Shaper's lighting is too dark but I like the depth and blue tinge to it. I noticed that yellow light is ugly and blue light makes it more realistic. I have no idea how to add LUTS. I only see it once in a while in some scenes.
and most 3 point lightings are too circumstantial and don't cover a wide enough area.

Can anyone share the best lighting that they use for everything? That works well with pass through too.
 
The most comprehensive set of LUTs can be found in resources by @ICannotDie. You use MacGruber's PostMagic plugin. Add it to an empty atom in a scene and then go to the plugin and search your AddOnPackages for ICannotDie's LUT pack.
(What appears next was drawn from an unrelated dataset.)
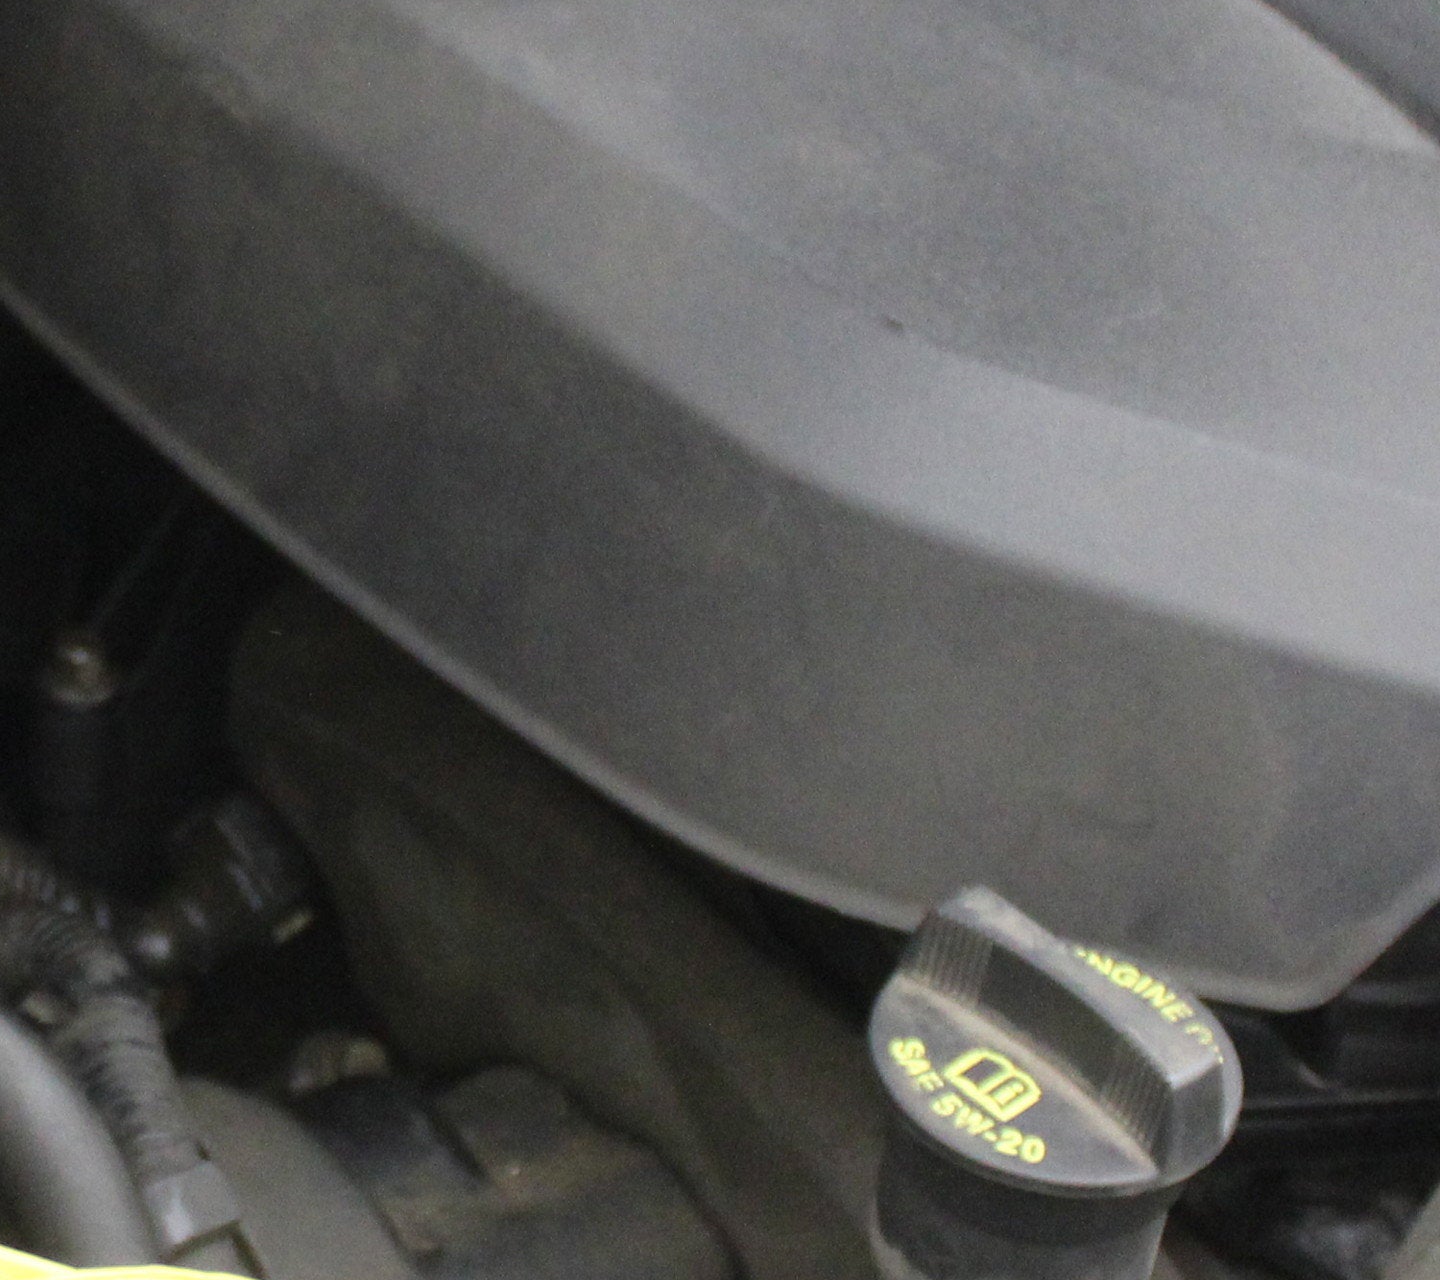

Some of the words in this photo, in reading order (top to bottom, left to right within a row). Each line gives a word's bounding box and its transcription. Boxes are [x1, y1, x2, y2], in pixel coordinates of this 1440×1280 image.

[1073, 945, 1194, 1023] NGINE
[887, 1036, 946, 1092] SAE
[931, 1094, 1047, 1164] 5W-20
@Tiseb's Colortone is also very useful.

You can learn a lot of lighting tricks, but these will give you some shortcuts while you figure out which lighting rigs work best for you.
 
These are pretty popular, but you still need to learn how to manipulate the lighting. If the characters are washed out, it may be the global scene lighting, which you can turn way down or off.

 
This depends on the scene and environment. Just a black background works really well with a 3-point lighting system. But it doesn't work really well with a environment. Simply by the fact that many doesn't use indirect light sources in the environment.
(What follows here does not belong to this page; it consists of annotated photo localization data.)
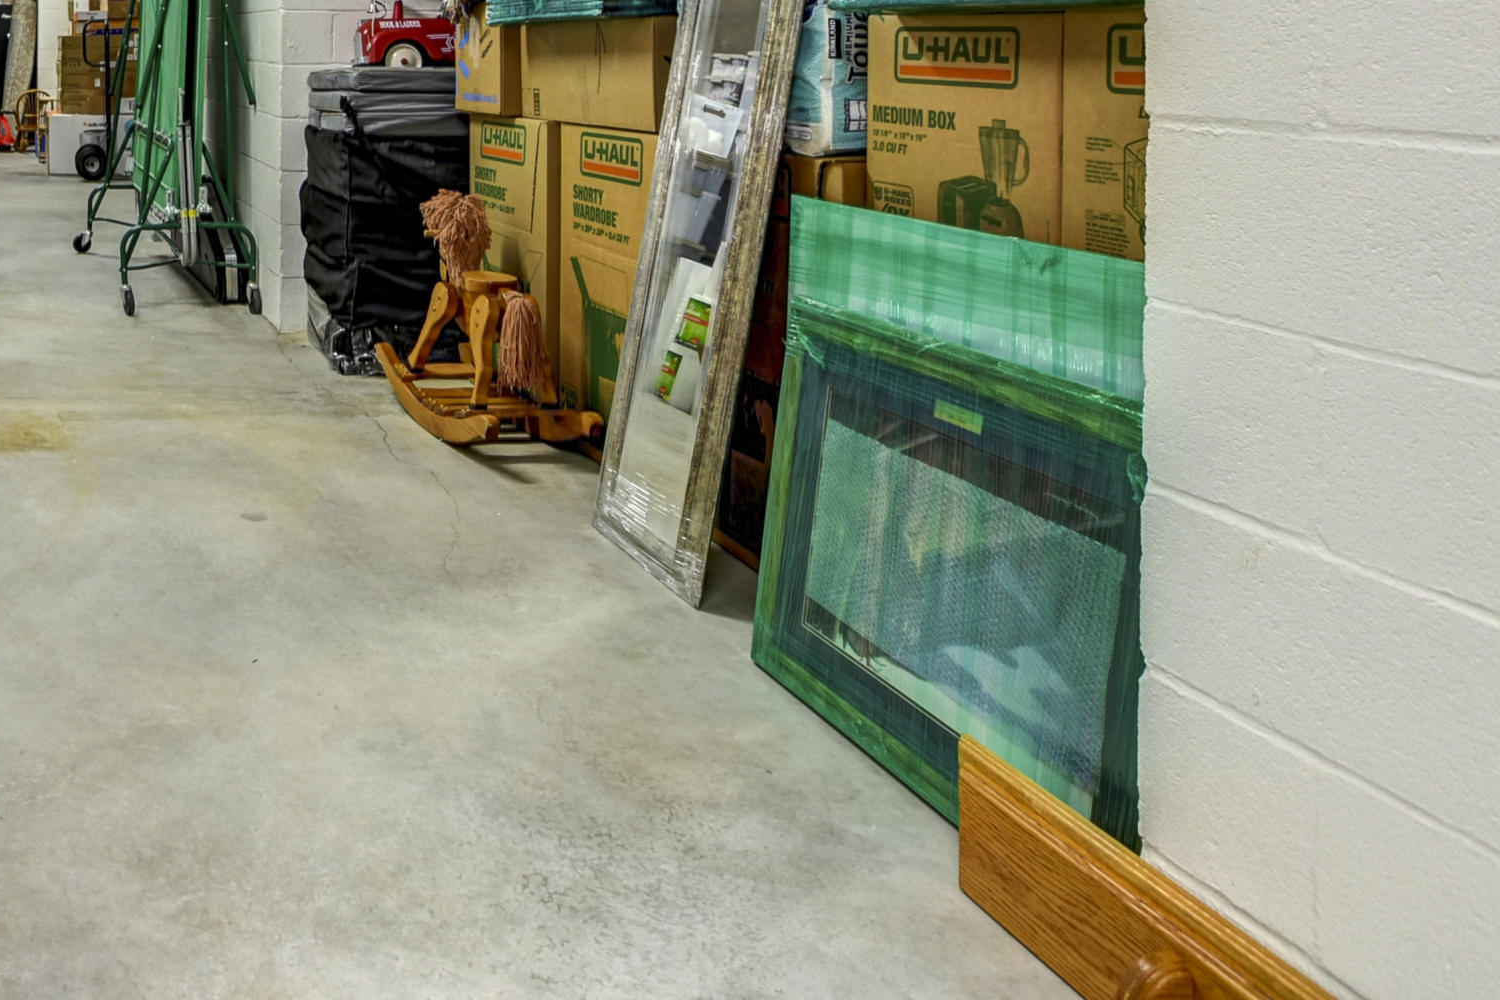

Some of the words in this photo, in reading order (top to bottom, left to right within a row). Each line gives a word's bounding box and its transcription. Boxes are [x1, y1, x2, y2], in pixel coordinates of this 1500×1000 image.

[829, 19, 837, 58] KIRKLAND
[902, 36, 1010, 64] U-HAUL
[872, 105, 924, 128] MEDIUM
[927, 110, 956, 130] BOX
[484, 127, 523, 150] U-HAUL
[872, 140, 884, 152] 3.0
[885, 142, 896, 154] CU
[897, 143, 908, 155] FT
[584, 139, 639, 167] U-HAUL
[474, 165, 497, 183] SHORTY
[474, 180, 507, 202] WARDROBE
[573, 184, 604, 206] SHORTY
[573, 201, 617, 228] WARDROBE
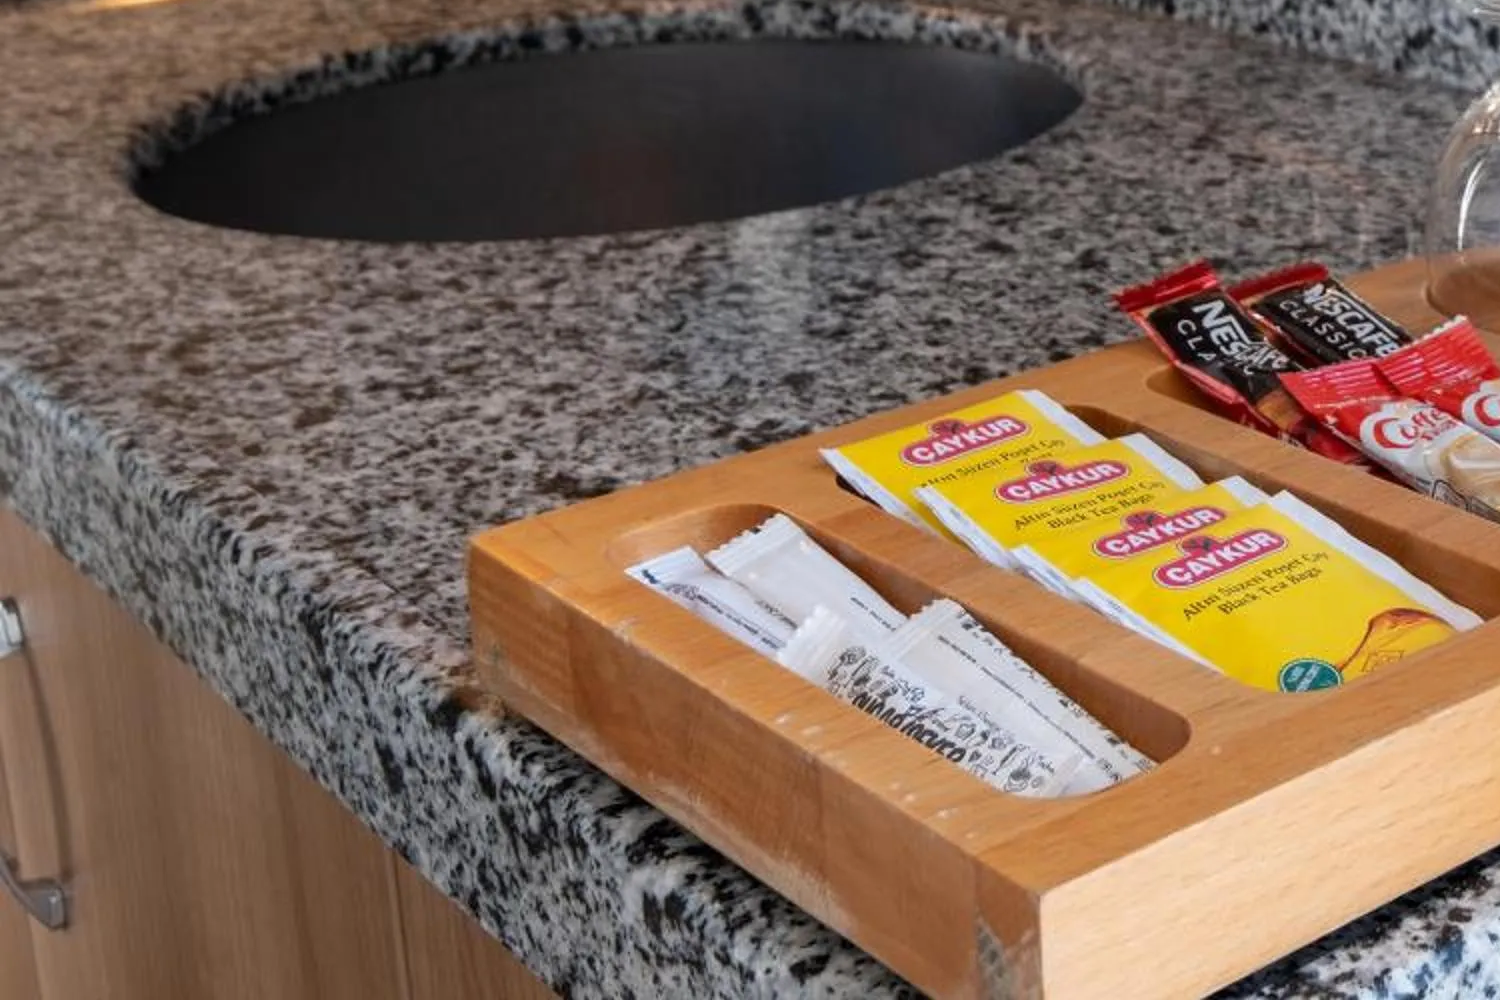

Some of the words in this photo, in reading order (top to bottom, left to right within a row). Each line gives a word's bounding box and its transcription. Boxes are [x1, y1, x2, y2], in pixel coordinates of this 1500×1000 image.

[1279, 299, 1368, 360] CLASSIC
[1047, 511, 1089, 530] Black
[1087, 501, 1120, 519] Tea
[1118, 492, 1156, 509] Bags
[1166, 530, 1279, 586] ÇAYKUR
[1217, 591, 1259, 616] Black
[1257, 580, 1289, 598] Tea
[1284, 566, 1324, 586] Bags
Like recreating sun or light sources in the environment as a indirect light source. And you need to balance it out with the 3-point system. For example, if a character stands right next a window, you could place a light source outside the window, make it bright, so it really recreates the sun shine through the window and looking down on the character, on top of the 3-point light setup.
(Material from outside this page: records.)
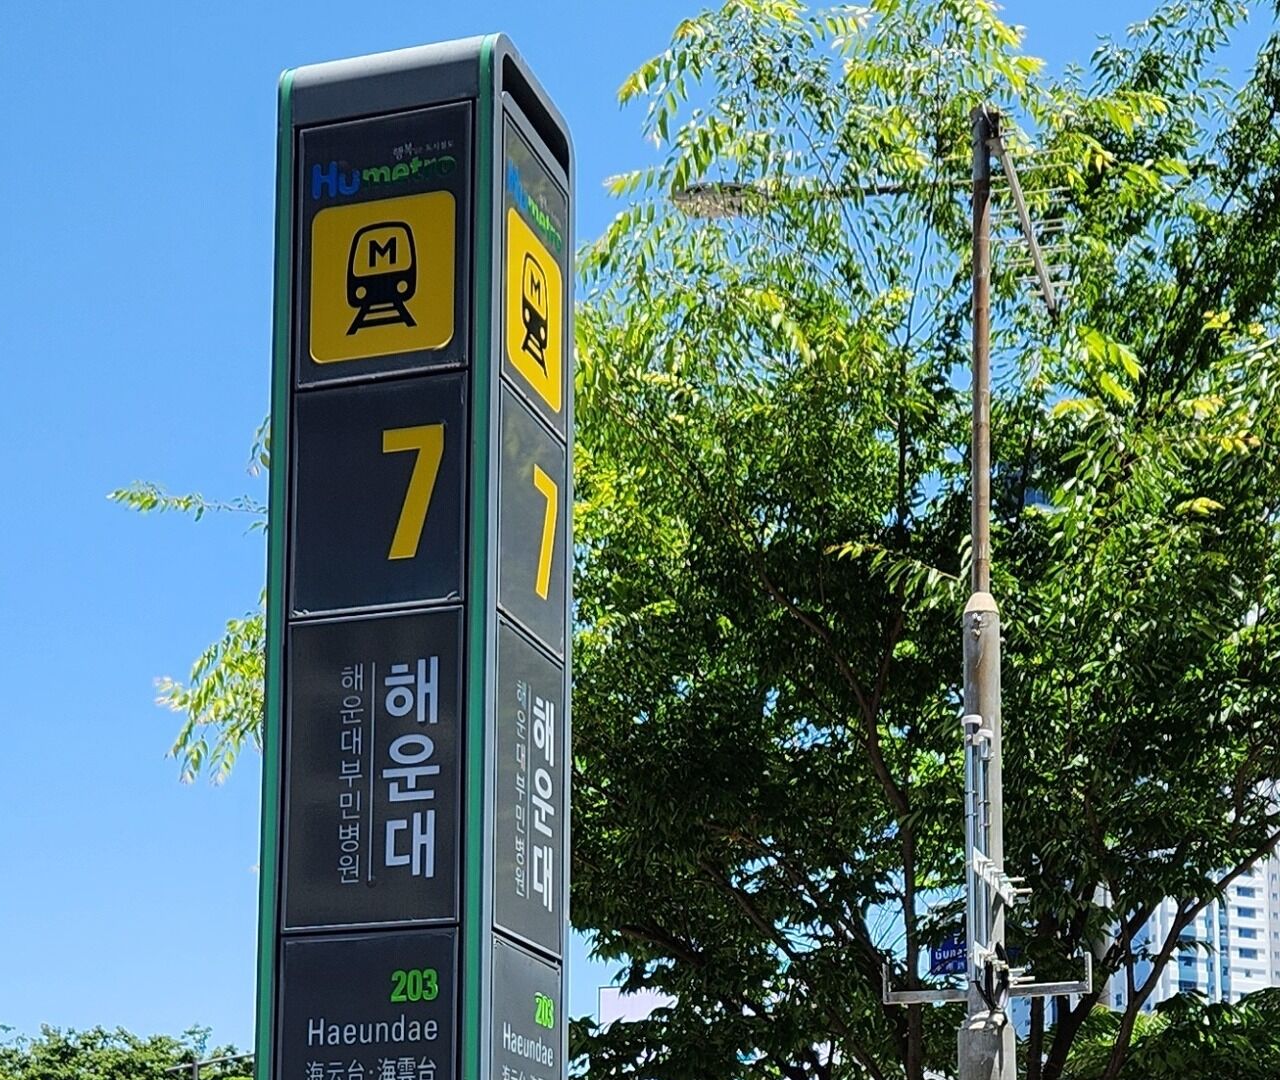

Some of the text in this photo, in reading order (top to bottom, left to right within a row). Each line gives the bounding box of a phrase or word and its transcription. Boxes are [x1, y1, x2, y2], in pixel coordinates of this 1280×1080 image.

[382, 424, 444, 560] 7
[533, 463, 558, 599] 7
[337, 663, 364, 884] 해운대부민병원
[382, 655, 440, 878] 해운대
[532, 696, 555, 912] 해운대
[307, 1014, 438, 1046] Haeundae
[391, 968, 439, 1002] 203
[503, 1022, 554, 1067] Haeundae
[533, 992, 555, 1029] 203
You could also recreate ceiling lights for example.

But keep in mind, with each light source, the performance will decrease. VaM also uses only up to 5 light sources. Yes, you can set it to 6 but the last will always bug out. If you are interested in using more light sources, let me know. I can use up to 10 light sources in a scene (I set it to 11 light sources).

Many screenshots you see look really good, but many doens't really use a environment, which is harder to create the perfect lighting. On top of that, you can start using LUT's aswell. But if the lighting sucks, nothing else matters and will always turn out shit. No matter how good your textures nor which LUT you uses.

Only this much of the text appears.